After having over a hundred fights in Thailand, Gonnapar moved to Japan in 2010.

As of May 2020, he is the #2 ranked super bantamweight in the world, according to Combat Press.

==Kickboxing career==
Kongnapa made his kickboxing debut against Hideaki Yamazaki in September 2016, a fight which he won by unanimous decision. Before that, he fought in muay thai, winning the WPMF World Super Lightweight title and successfully defending it twice.

Kongnapa participated in the 2017 K-1 Lightweight Grand Prix. In the quarterfinals, he won a unanimous decision against Koya Urabe, but lost the semifinal bout against Ren Hiramoto by a first round knockout.

In June 2017, Gonnapar fought Wei Rui for the K-1 Lightweight title. Rui won the fight by majority decision.

Kongnapa rebounded from this loss with a three fight winning streak, defeating Pan Ryunson by unanimous decision, Kenta Hayashi by a first round knockout and Katsuki Ishida by a second round knockout. This streak earned him the chance to fight Daizo Sasaki for the Krush Lightweight title at Krush 87. Gonnapar won the fight by unanimous decision. He defended the title thrice, winning a unanimous decision against Fumiya Osawa at Krush 93, Takumi Yokoyama by majority decision at Krush 110, and Yuto Shinohara by unanimous decision at Krush 113. On March 1, 2021, Gonnapar vacated his Krush title in order to focus on his K-1 title.

===K-1 Lightweight Champion===
At K-1 World GP 2020 Winter's Crucial Bout, Gonnapar fought Kenta Hayashi for the K-1 Lightweight title. He won the fight by majority decision.

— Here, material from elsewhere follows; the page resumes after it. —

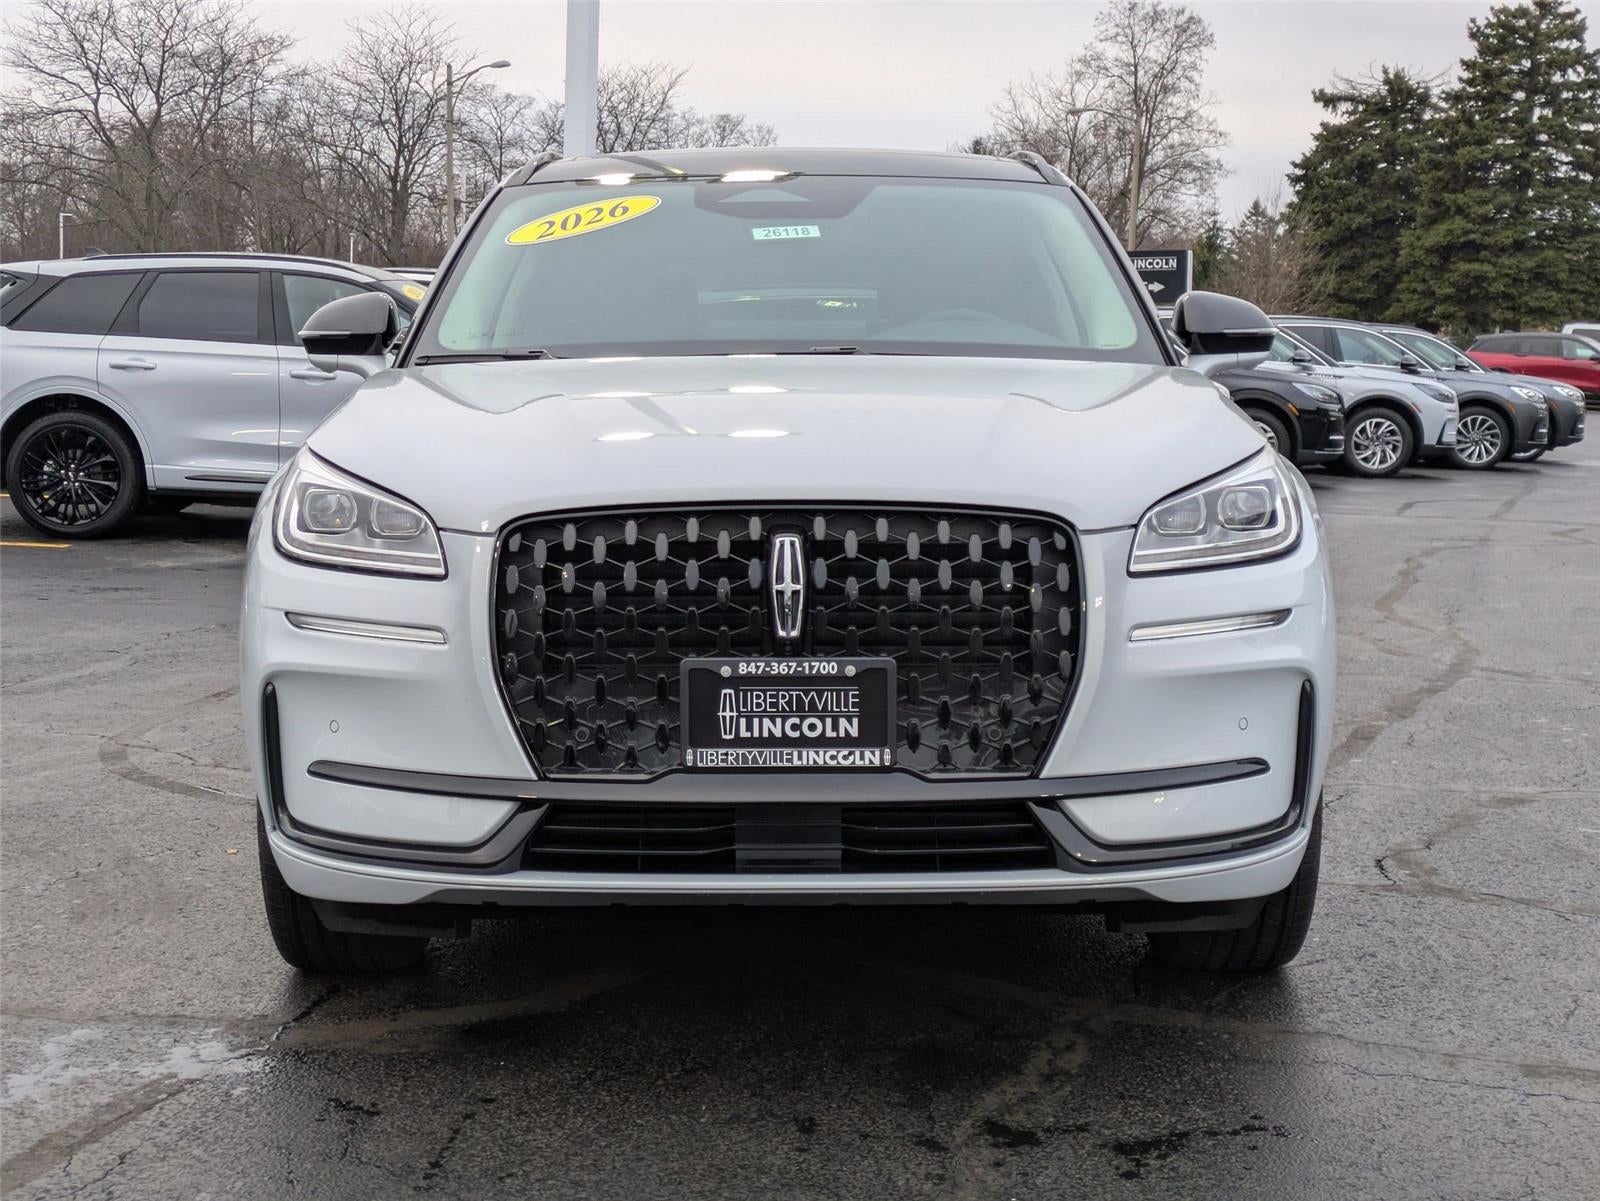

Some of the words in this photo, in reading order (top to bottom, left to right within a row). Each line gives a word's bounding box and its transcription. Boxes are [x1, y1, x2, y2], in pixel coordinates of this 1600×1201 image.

Kongnapa faced Daiki Nagumo at K-1 World GP 2021: K’Festa 4 Day.2 on March 28, 2021 in a non-title bout. He won the fight via second-round knockout.

In his first title defense, Gonnapar is expected to face Taio Asahisa at K-1 World Grand Prix 2021. He lost the fight by an extra round split decision.

===Post-title reign===
Kongnapa was scheduled to face Yuma Saikyo at K-1 World GP 2021 in Osaka on December 4, 2021. He won the fight by majority decision.

Kongnapa was booked to face Shoya Suzuki at K-1: K'Festa 5 on April 3, 2022. He won the fight by first round knockout.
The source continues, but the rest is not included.